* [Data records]
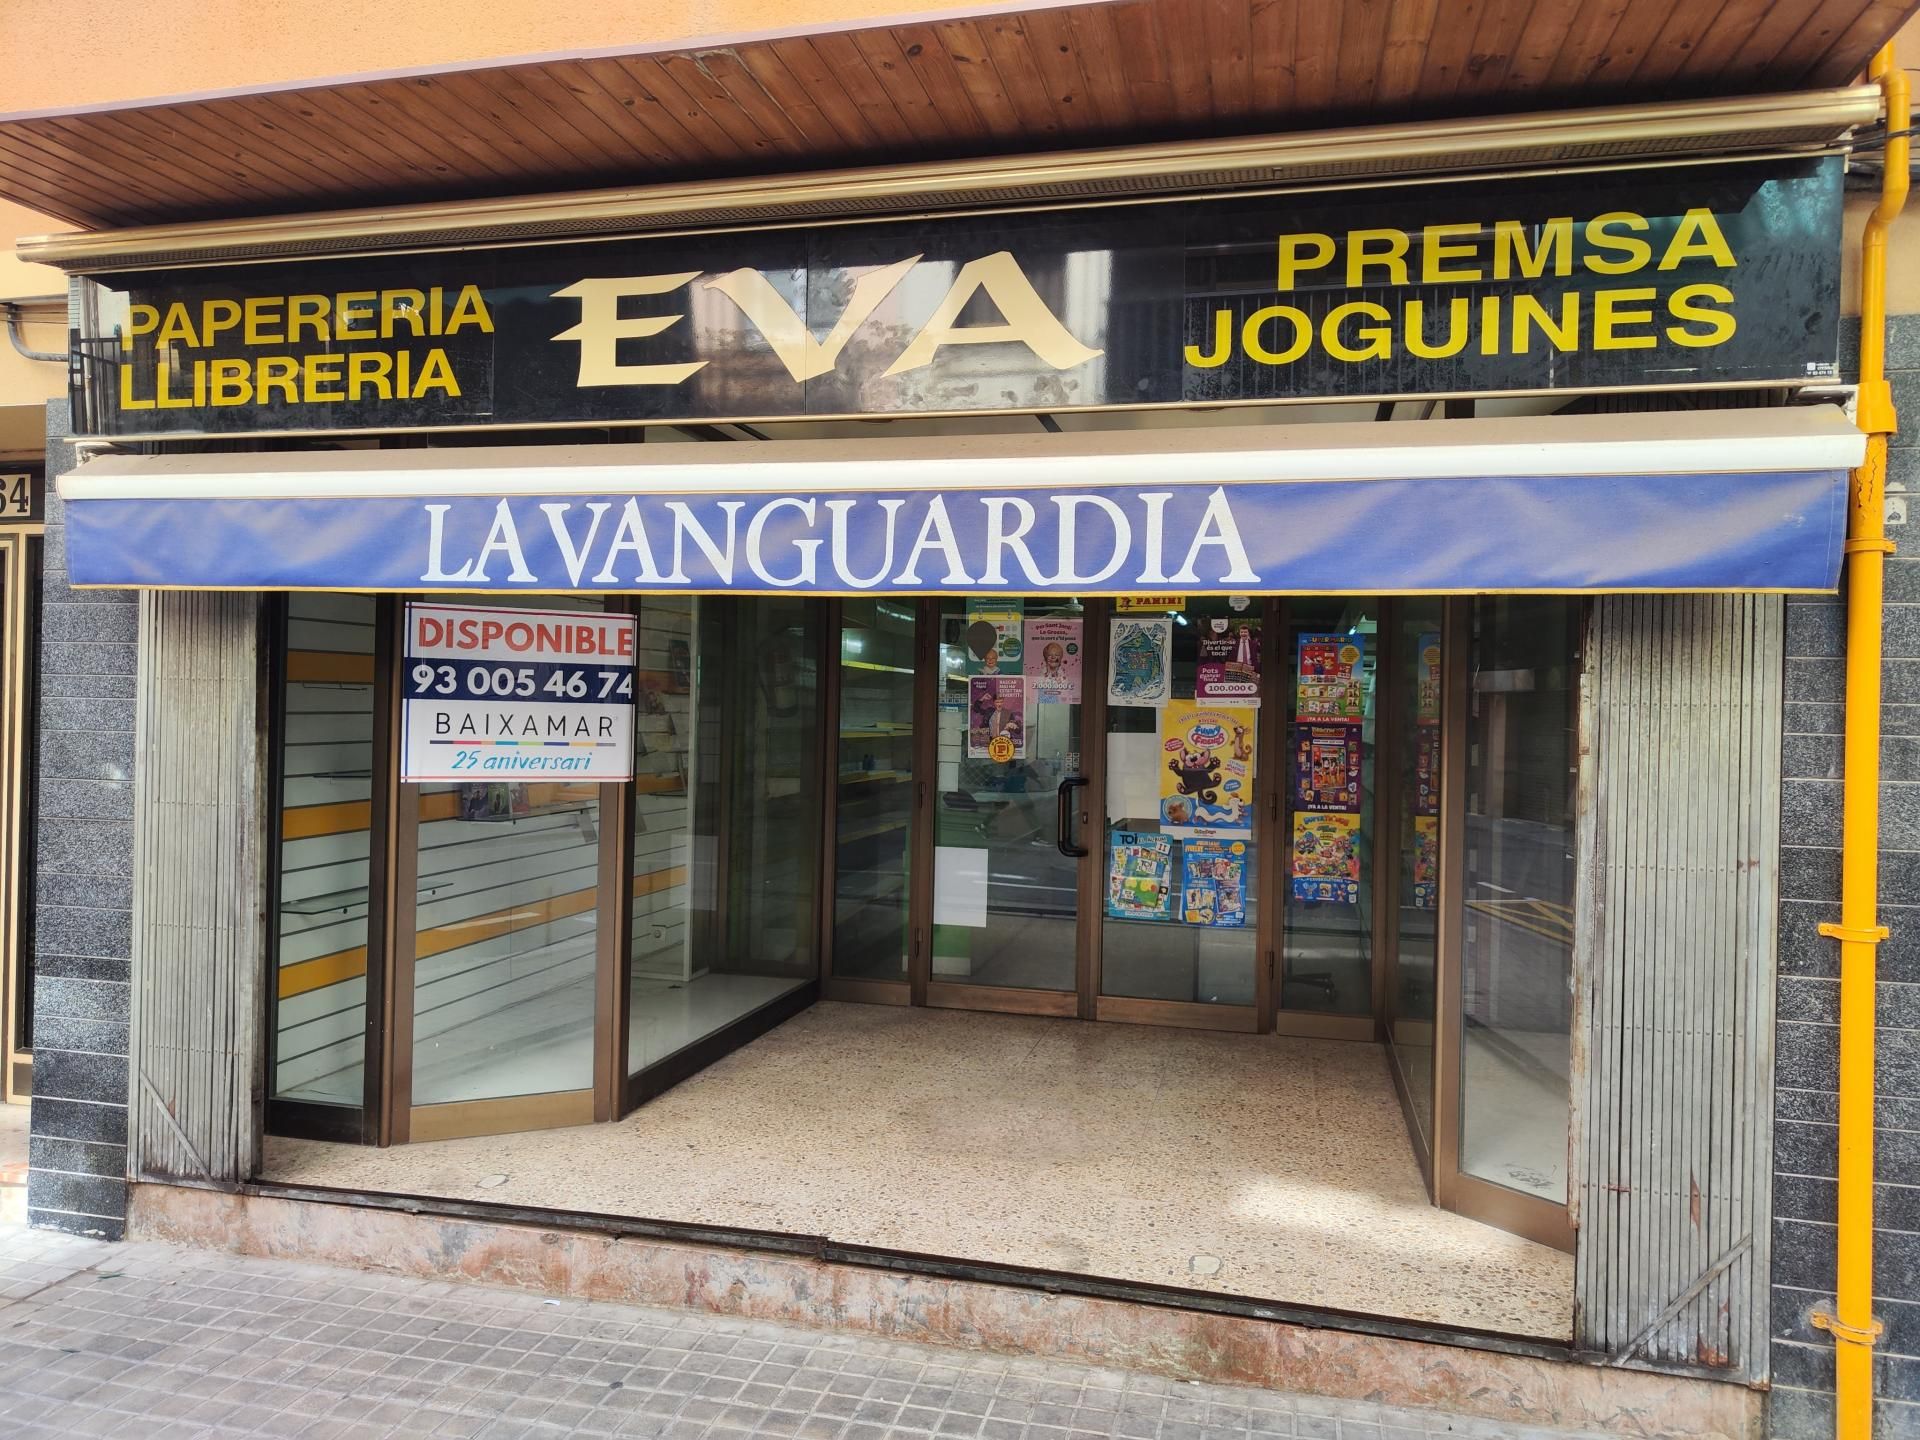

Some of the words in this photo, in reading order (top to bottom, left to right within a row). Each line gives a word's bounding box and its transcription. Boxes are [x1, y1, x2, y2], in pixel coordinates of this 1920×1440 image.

[1277, 207, 1738, 291] PREMSA
[120, 284, 495, 352] PAPERERIA
[549, 250, 1105, 388] EVA
[1183, 283, 1737, 369] JOGUINES
[119, 348, 462, 411] LLIBRERIA
[1136, 597, 1183, 606] PANINI
[418, 617, 633, 657] DISPONIBLE
[412, 664, 458, 694] 93
[466, 666, 537, 698] 005
[543, 670, 588, 699] 46
[597, 672, 633, 700] 74
[1208, 684, 1246, 692] 100.000
[435, 712, 614, 737] BAIXAMAR
[451, 750, 482, 769] 25
[483, 751, 592, 770] aniversari
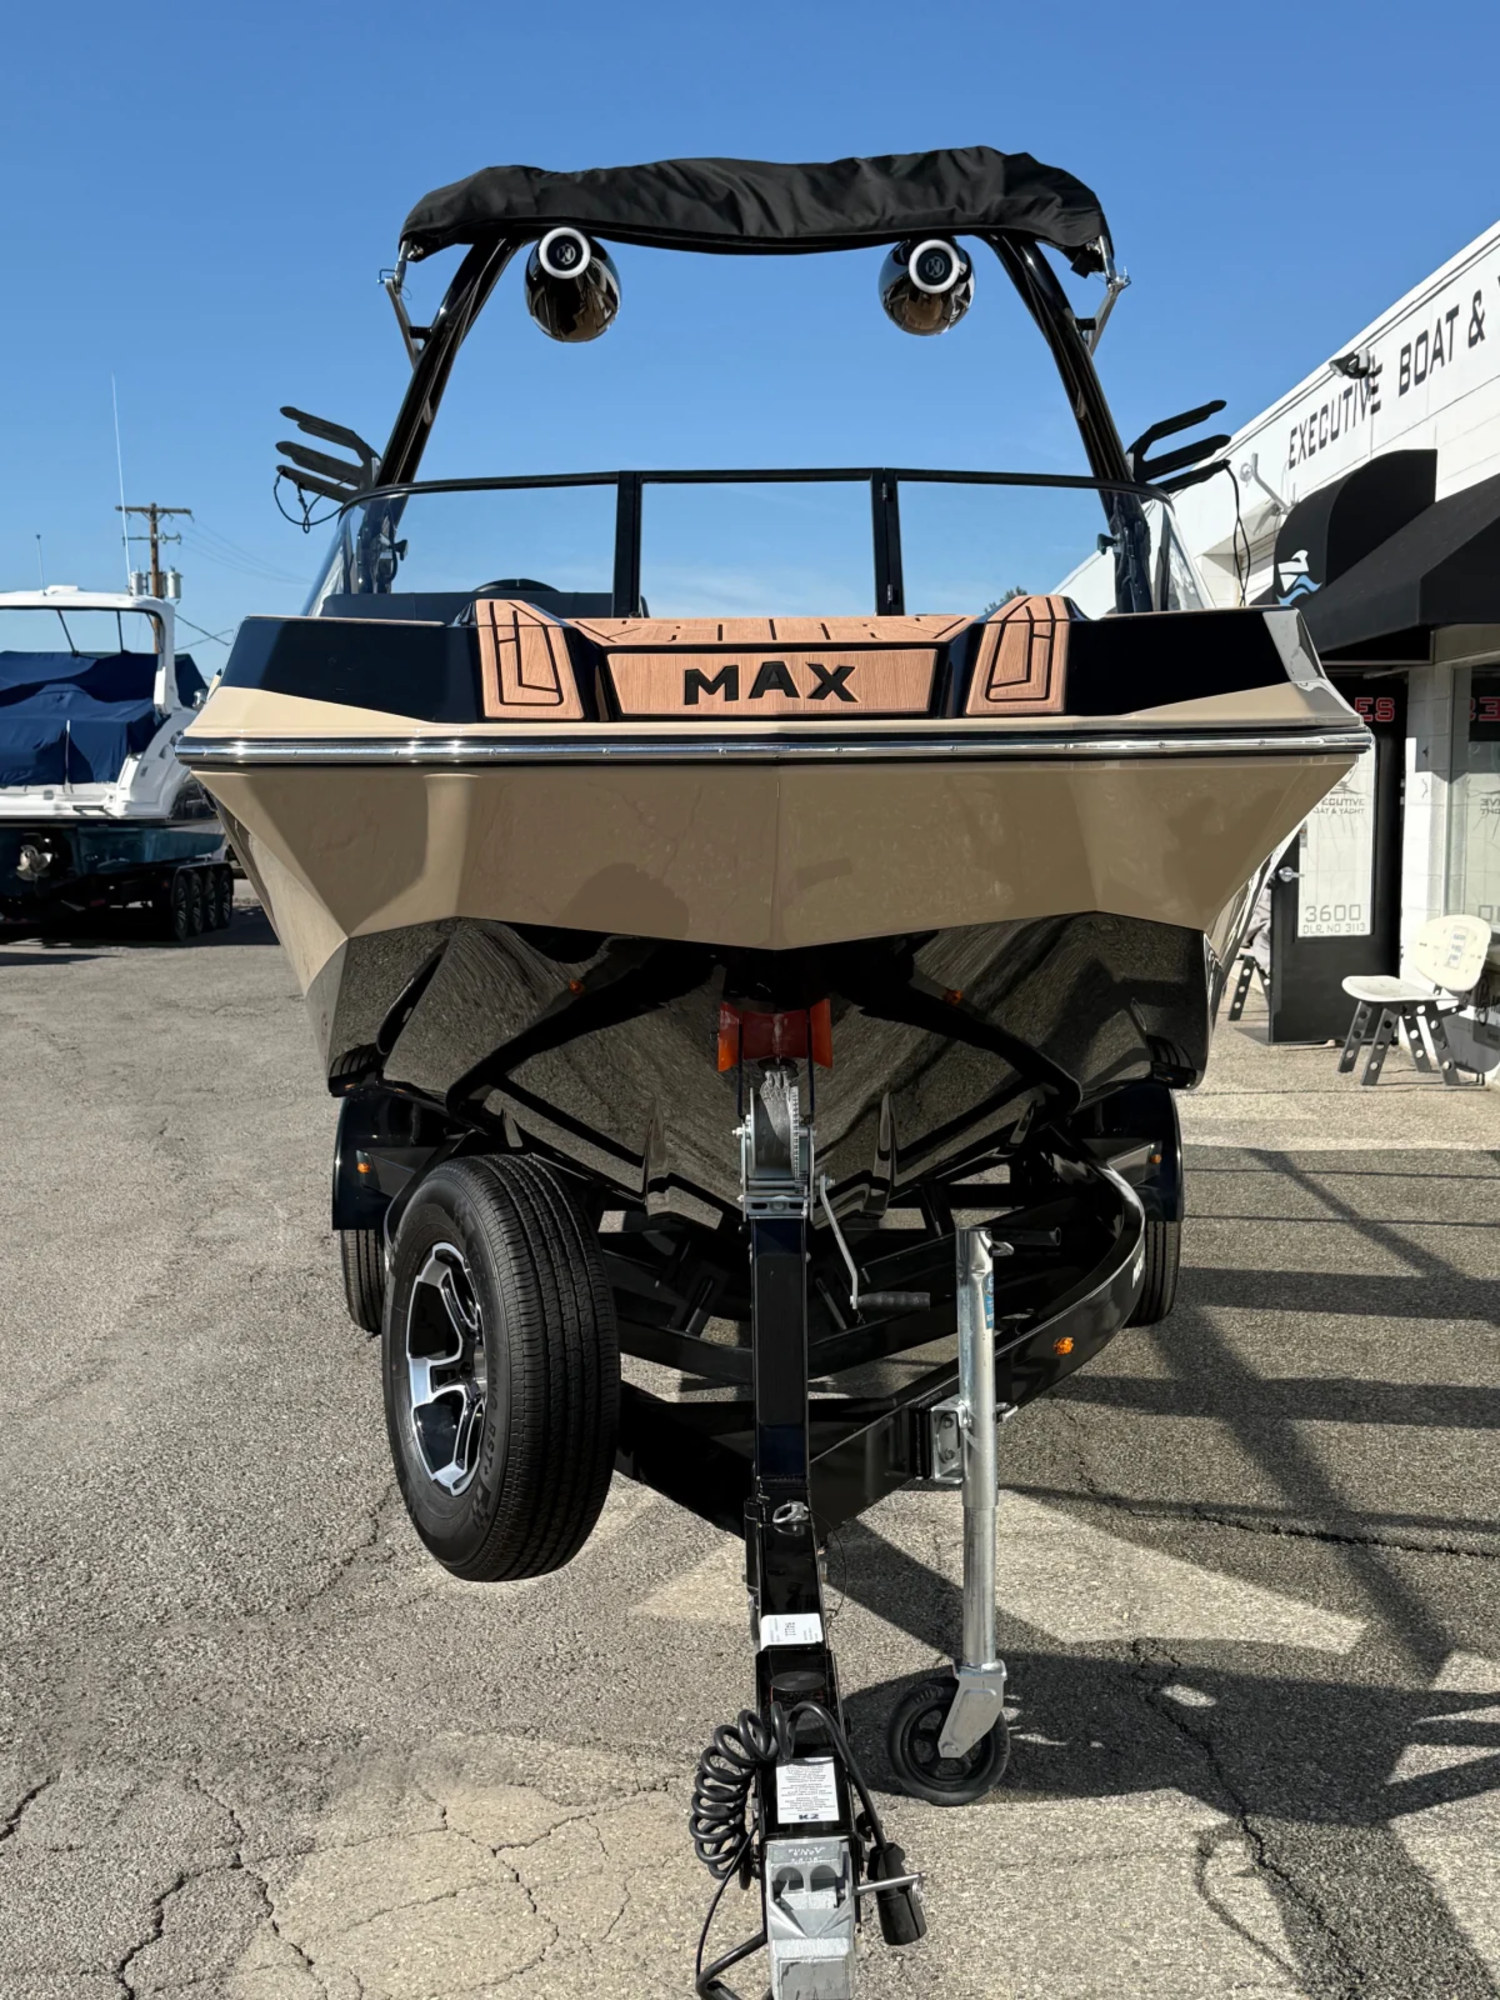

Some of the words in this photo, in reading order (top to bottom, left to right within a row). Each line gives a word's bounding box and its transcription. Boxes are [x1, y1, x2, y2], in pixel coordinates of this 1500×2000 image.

[1289, 363, 1383, 470] EXECUTIVE
[1399, 304, 1459, 398] BOAT
[1468, 289, 1486, 349] &
[684, 660, 860, 706] MAX
[1339, 807, 1365, 815] YACHT
[1305, 904, 1361, 923] 3600
[1327, 923, 1341, 933] NO
[1345, 922, 1366, 933] 3113

* [What you should do] Copy out the lines above in full and unaltered, apart from the pictures.

* [Solved exercise]
Some of the words in this photo, in reading order (top to bottom, left to right within a row). Each line gives a word's bounding box and its transcription. Boxes are [x1, y1, x2, y2], in pixel coordinates of this 1920×1440 image.

[1277, 207, 1738, 291] PREMSA
[120, 284, 495, 352] PAPERERIA
[549, 250, 1105, 388] EVA
[1183, 283, 1737, 369] JOGUINES
[119, 348, 462, 411] LLIBRERIA
[1136, 597, 1183, 606] PANINI
[418, 617, 633, 657] DISPONIBLE
[412, 664, 458, 694] 93
[466, 666, 537, 698] 005
[543, 670, 588, 699] 46
[597, 672, 633, 700] 74
[1208, 684, 1246, 692] 100.000
[435, 712, 614, 737] BAIXAMAR
[451, 750, 482, 769] 25
[483, 751, 592, 770] aniversari

Some of the words in this photo, in reading order (top to bottom, left to right within a row). Each line gives a word's bounding box and its transcription. Boxes are [x1, y1, x2, y2], in pixel coordinates of this 1500×2000 image.

[1289, 363, 1383, 470] EXECUTIVE
[1399, 304, 1459, 398] BOAT
[1468, 289, 1486, 349] &
[684, 660, 860, 706] MAX
[1339, 807, 1365, 815] YACHT
[1305, 904, 1361, 923] 3600
[1327, 923, 1341, 933] NO
[1345, 922, 1366, 933] 3113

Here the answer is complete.